Saved entries:

◆ ◆ ◆ ◆ ◆

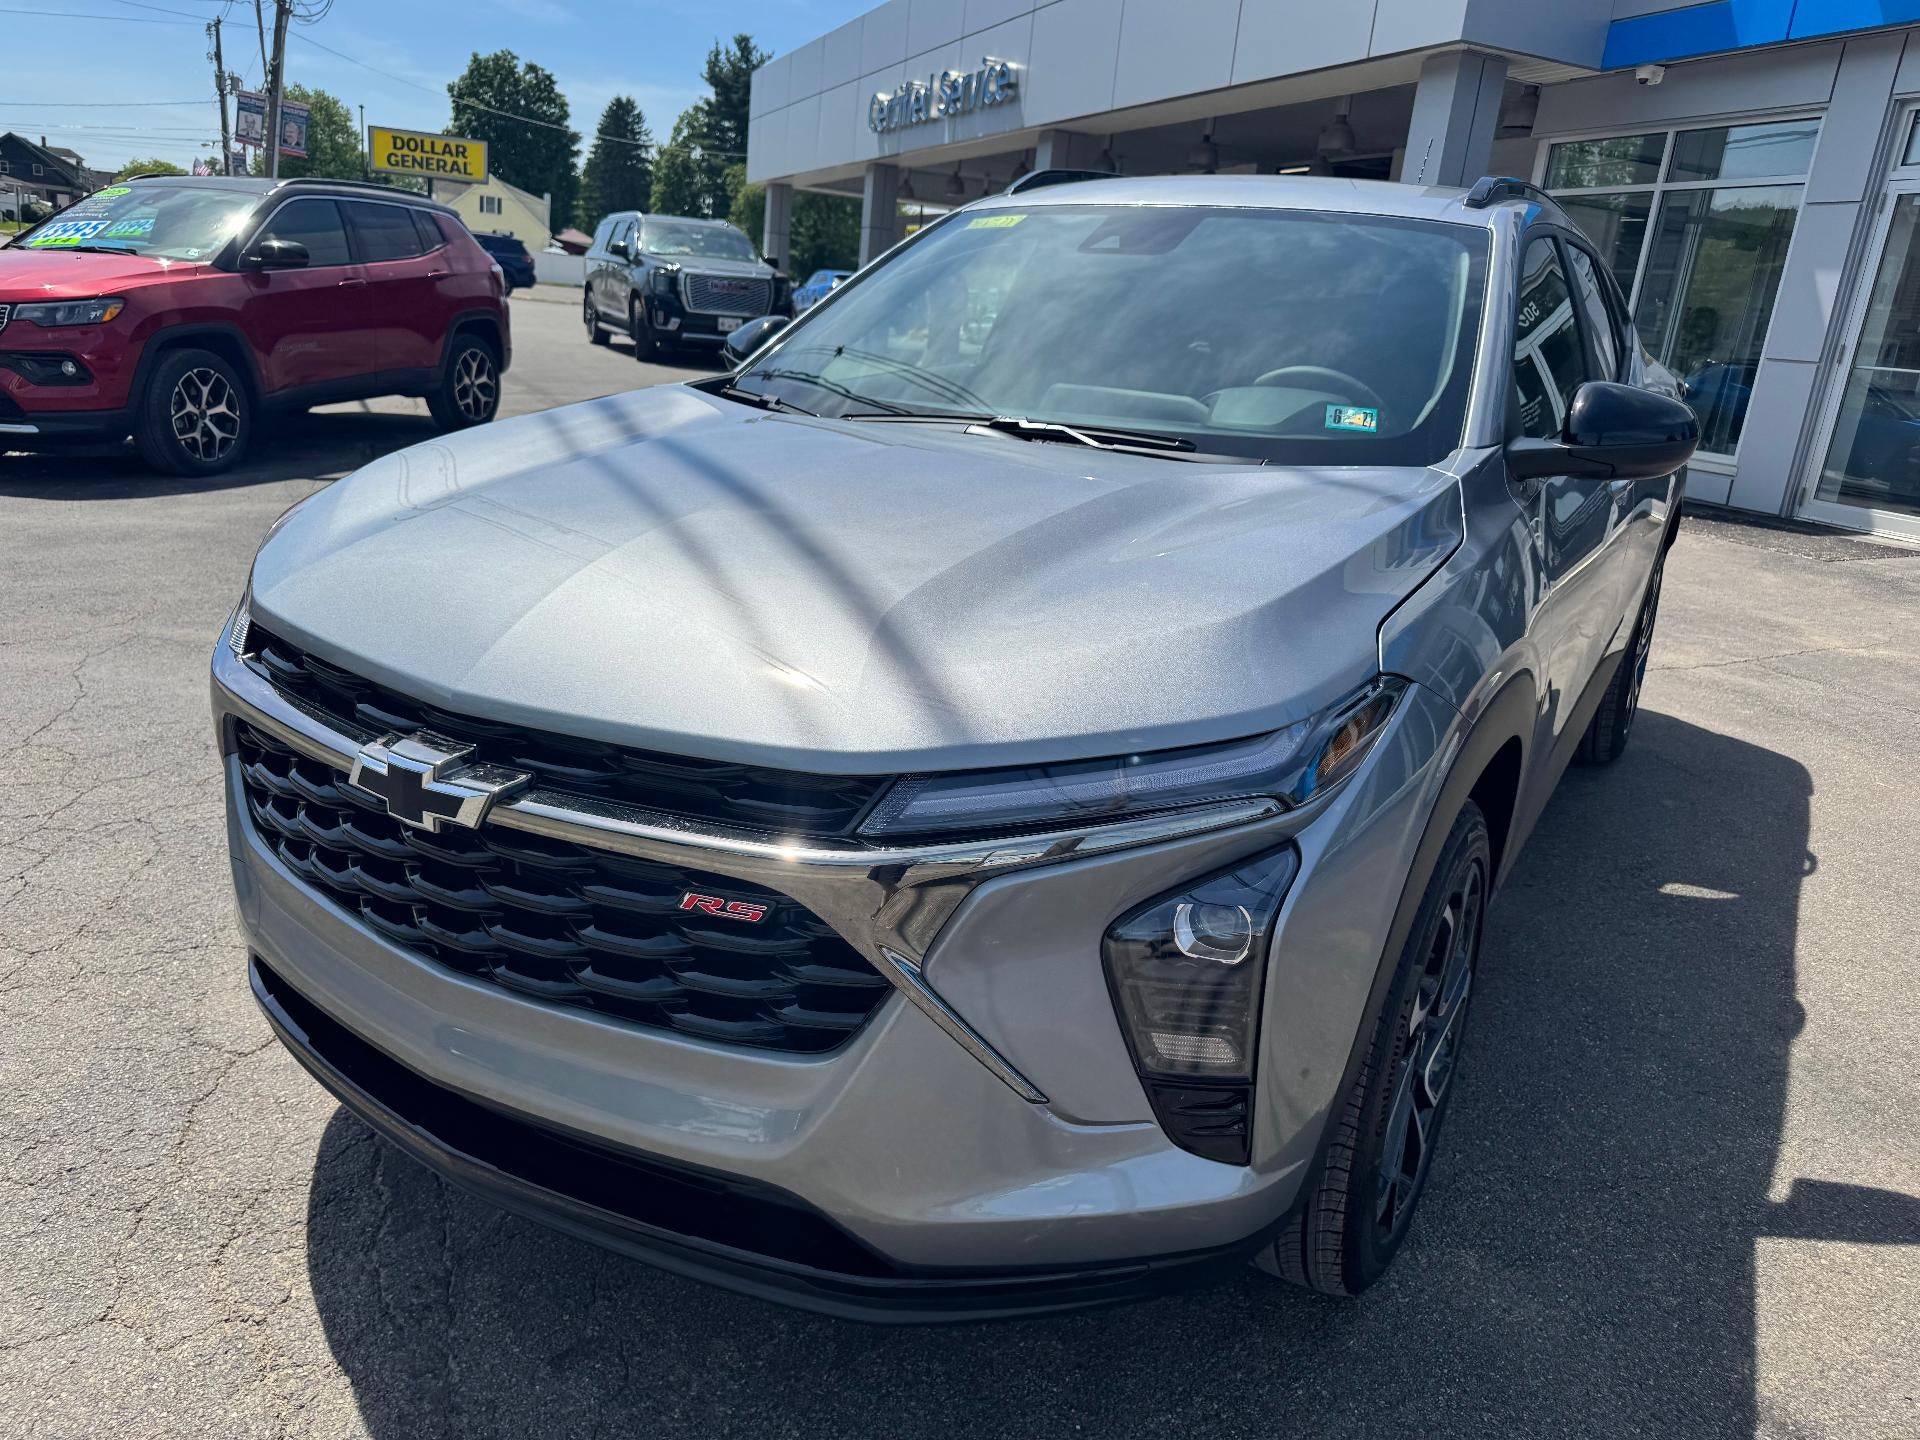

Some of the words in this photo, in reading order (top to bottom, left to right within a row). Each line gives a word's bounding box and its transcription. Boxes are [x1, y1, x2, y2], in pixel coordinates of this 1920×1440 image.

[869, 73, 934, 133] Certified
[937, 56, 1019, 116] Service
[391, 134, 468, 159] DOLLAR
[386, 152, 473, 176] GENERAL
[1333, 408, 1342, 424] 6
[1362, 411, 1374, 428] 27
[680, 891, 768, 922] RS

◆ ◆ ◆ ◆ ◆

** Your goal **
Retype the records in full. Do not carry over the images.

** Solution for this problem **
Some of the words in this photo, in reading order (top to bottom, left to right within a row). Each line gives a word's bounding box and its transcription. Boxes are [x1, y1, x2, y2], in pixel coordinates of this 1920×1440 image.

[869, 73, 934, 133] Certified
[937, 56, 1019, 116] Service
[391, 134, 468, 159] DOLLAR
[386, 152, 473, 176] GENERAL
[1333, 408, 1342, 424] 6
[1362, 411, 1374, 428] 27
[680, 891, 768, 922] RS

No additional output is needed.